Can I start by saying what a pleasure it is to be here and to thank Green Alliance for your brilliant advocacy on energy and climate. In particular, Shaun, I want to thank you for your leadership in bringing together businesses, green organisations, trade unions and others to make the case for climate action, including for the huge jobs dividend that can come from climate leadership.
It’s that latter theme I want to talk about today. My argument is this: first, we are at a decisive moment when it comes to the global race for the green jobs of the future. Second, net zero is a massive economic opportunity for Britain, but we are losing the global race. Third, those who say we can’t be winners in that global race are wrong. We should match the ambition of President Biden’s Inflation Reduction Act and stop moaning about it. Finally, I want to set out how the next Labour government will work with businesses, communities and workers to win for Britain.

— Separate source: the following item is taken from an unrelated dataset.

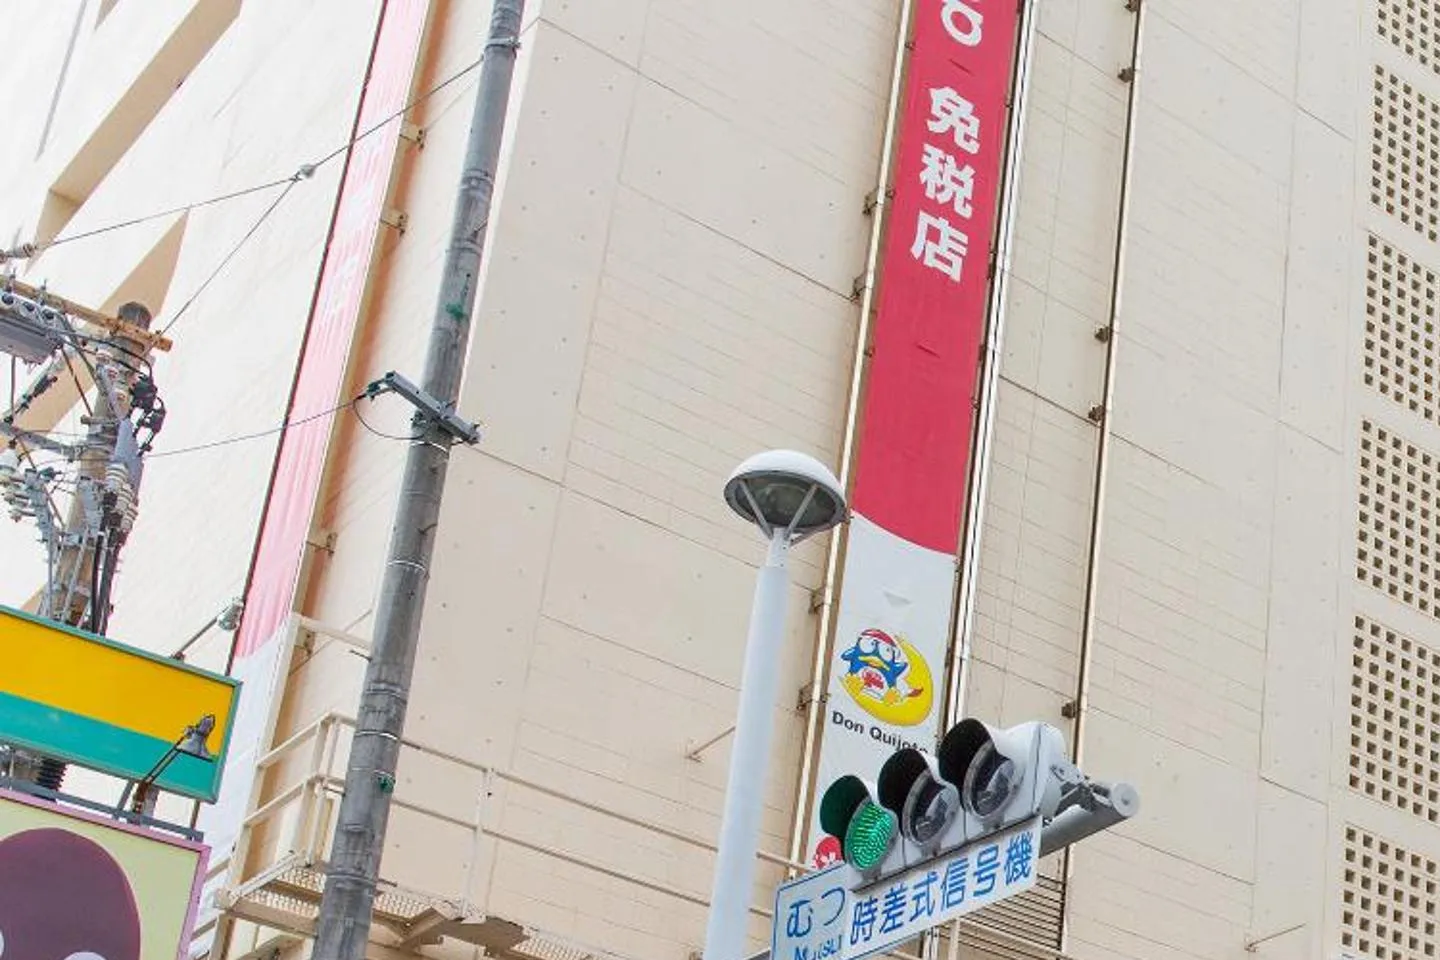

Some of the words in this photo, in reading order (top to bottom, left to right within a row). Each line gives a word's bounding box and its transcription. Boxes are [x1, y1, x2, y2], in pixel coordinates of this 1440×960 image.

So first, we talk a lot about this being a decisive decade when it comes to the climate crisis – and we are right to do so. We are at grave risk of breaking through 1.5 degrees of global warming within the next ten years. This might sound like an abstract number, but the decisions we take now will dictate how high global temperatures rise and shape the outlook for generations to come. But this is not just a decisive decade for climate. Alongside it, we now face a decisive few years for the jobs that can come from climate action and the new industries of the green economy.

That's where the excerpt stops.